The task requires restating, word for word, the lines of the entries below from the one containing "Some of the text" through the final one, both included.

Entries taken from a collection:
—————
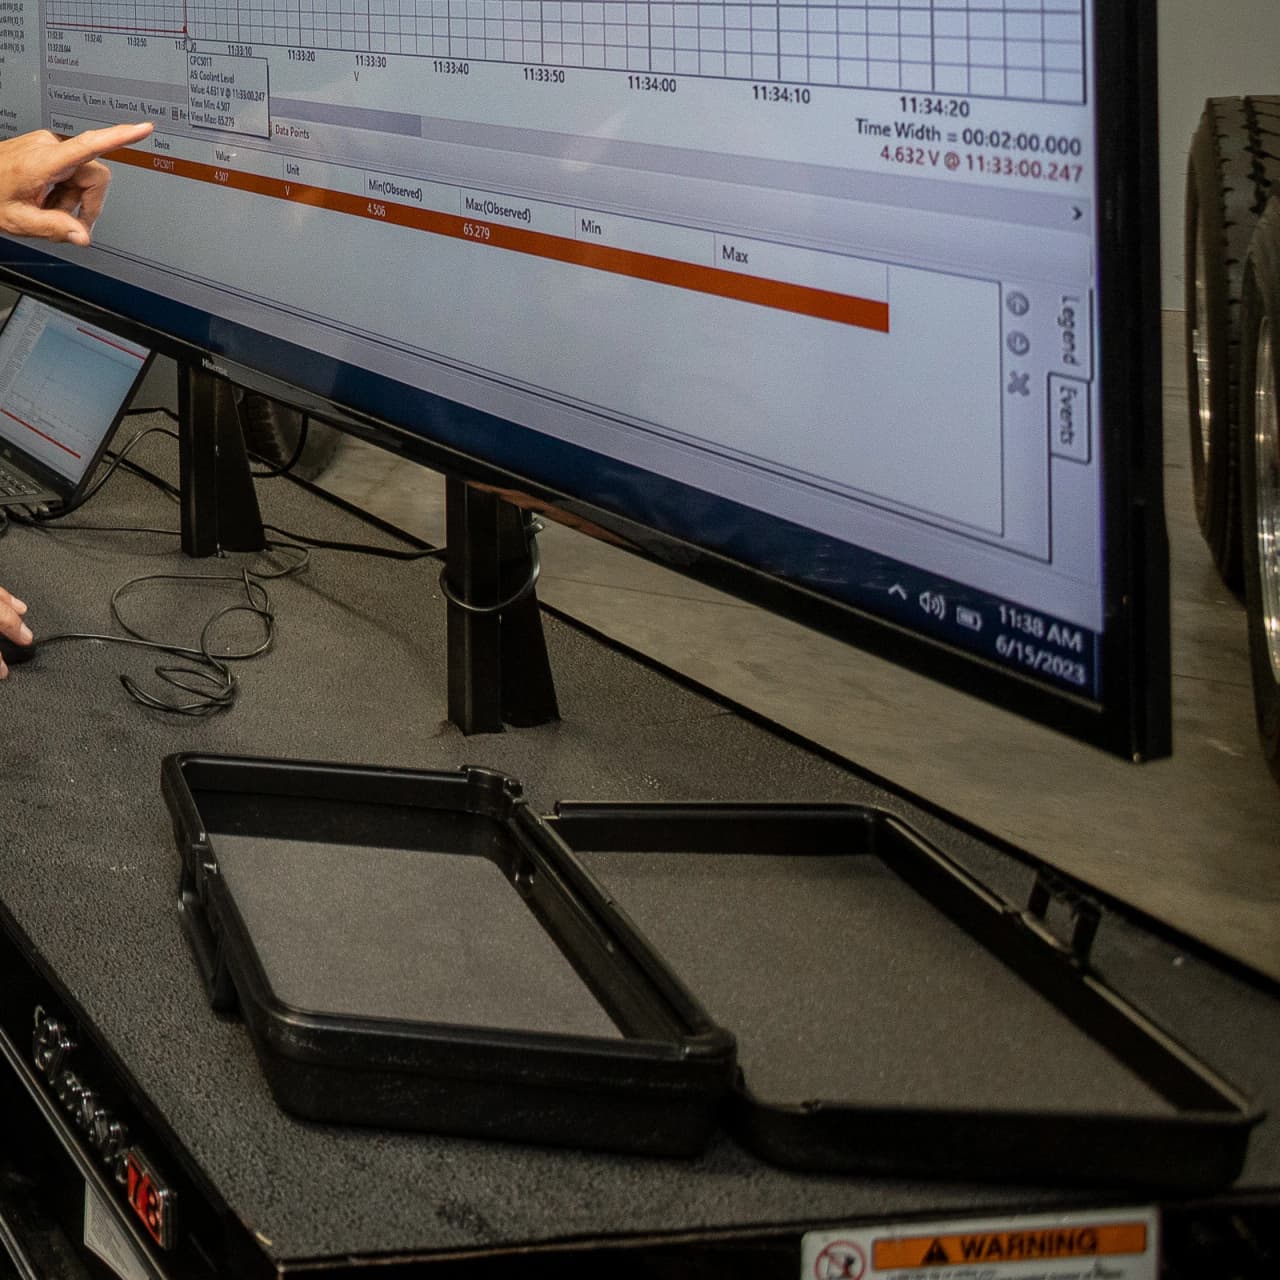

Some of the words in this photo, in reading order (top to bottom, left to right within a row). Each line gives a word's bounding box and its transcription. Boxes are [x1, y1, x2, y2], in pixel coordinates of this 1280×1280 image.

[84, 33, 102, 43] 11:32:40
[127, 36, 146, 47] 11:32:50
[227, 44, 252, 57] 11:33:10
[287, 48, 315, 62] 11:33:20
[189, 55, 212, 67] CPC501T
[355, 55, 387, 69] 11:33:30
[433, 61, 469, 76] 11:33:40
[199, 70, 219, 82] Coolant
[220, 72, 234, 84] Level
[353, 70, 359, 82] V
[523, 68, 565, 84] 11:33:50
[627, 75, 677, 93] 11:34:00
[53, 91, 62, 100] View
[63, 92, 80, 102] Selection
[88, 96, 100, 106] Zoom
[220, 87, 224, 98] V
[225, 88, 231, 99] @
[232, 88, 264, 103] 11:33:00.247
[751, 84, 811, 105] 11:34:10
[115, 100, 128, 110] Zoom
[128, 101, 137, 111] Out
[147, 104, 159, 114] View
[190, 97, 204, 109] View
[216, 101, 230, 113] 4.507
[899, 95, 971, 118] 11:34:20
[191, 111, 204, 123] View
[217, 115, 234, 128] 65.279
[275, 123, 288, 136] Data
[289, 125, 309, 139] Points
[855, 118, 891, 138] Time
[895, 121, 941, 143] Width
[962, 127, 1082, 156] 00:02:00.000
[154, 138, 169, 150] Device
[215, 150, 230, 163] Value
[880, 145, 925, 166] 4.632
[928, 149, 940, 166] V
[943, 151, 961, 171] @
[966, 154, 1083, 182] 11:33:00.247
[214, 170, 228, 184] 4.507
[286, 162, 299, 176] Unit
[285, 184, 290, 196] V
[368, 178, 423, 202] Min(Observed)
[367, 203, 386, 217] 4.506
[465, 196, 532, 223] Max(Observed)
[462, 222, 490, 240] 65.279
[581, 218, 602, 235] Min
[721, 244, 749, 264] Max
[1057, 294, 1080, 367] Legend
[1058, 386, 1078, 447] Events
[999, 604, 1045, 635] 11:38
[1047, 622, 1083, 653] AM
[996, 634, 1086, 685] 6/15/2023
[960, 1228, 1099, 1260] WARNING
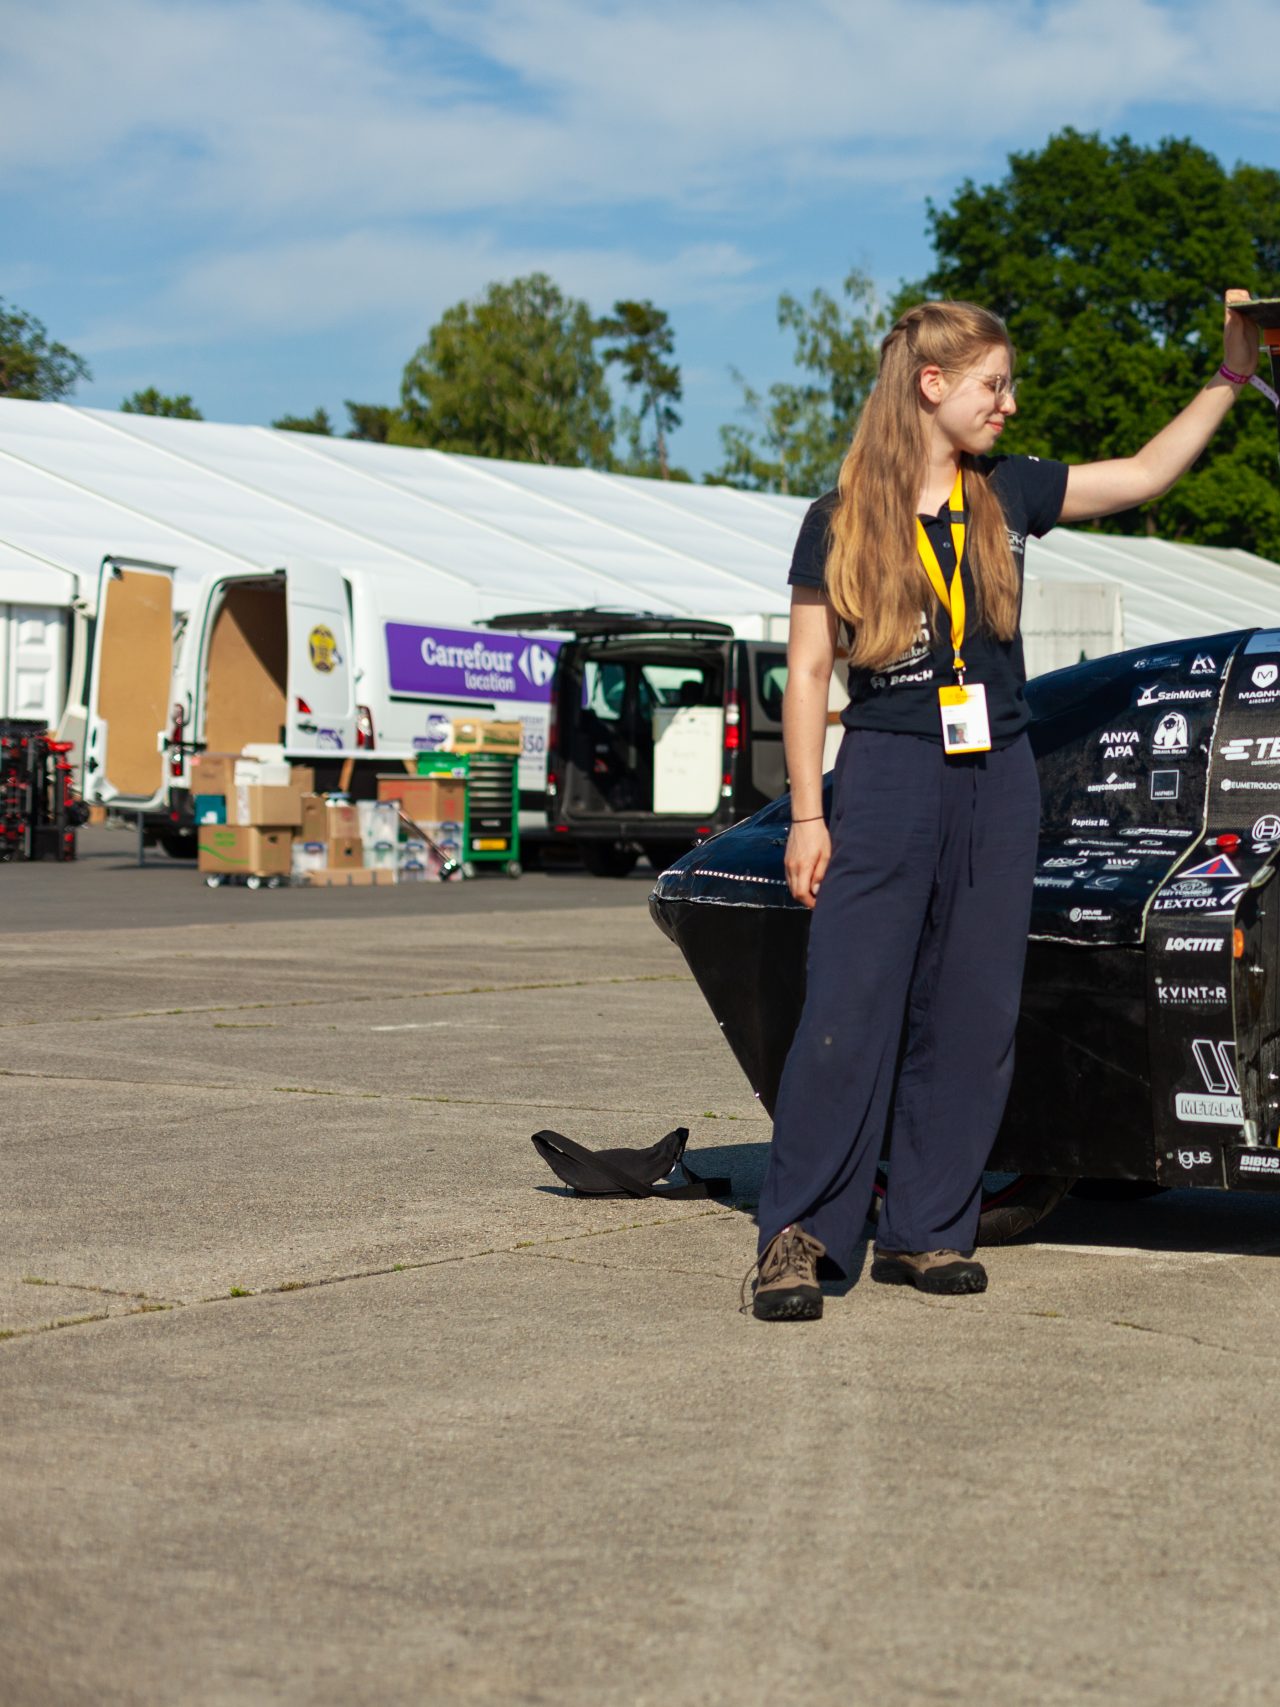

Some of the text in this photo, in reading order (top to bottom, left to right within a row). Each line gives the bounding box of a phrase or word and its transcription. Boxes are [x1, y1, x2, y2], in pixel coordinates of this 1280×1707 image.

[421, 637, 514, 672] Carrefour
[464, 670, 516, 692] location
[890, 669, 933, 686] BOSCH
[1099, 731, 1140, 744] ANYA
[1104, 745, 1133, 758] APA
[1071, 818, 1110, 827] Paptisz Bt.
[1153, 897, 1218, 910] LEXTOR
[1165, 937, 1224, 952] LOCTITE
[1178, 1148, 1212, 1169] igus
[1240, 1154, 1279, 1168] BIBUS
—————
Written response:
Some of the text in this photo, in reading order (top to bottom, left to right within a row). Each line gives the bounding box of a phrase or word and its transcription. Boxes are [x1, y1, x2, y2], in pixel coordinates of this 1280×1707 image.

[421, 637, 514, 672] Carrefour
[464, 670, 516, 692] location
[890, 669, 933, 686] BOSCH
[1099, 731, 1140, 744] ANYA
[1104, 745, 1133, 758] APA
[1071, 818, 1110, 827] Paptisz Bt.
[1153, 897, 1218, 910] LEXTOR
[1165, 937, 1224, 952] LOCTITE
[1178, 1148, 1212, 1169] igus
[1240, 1154, 1279, 1168] BIBUS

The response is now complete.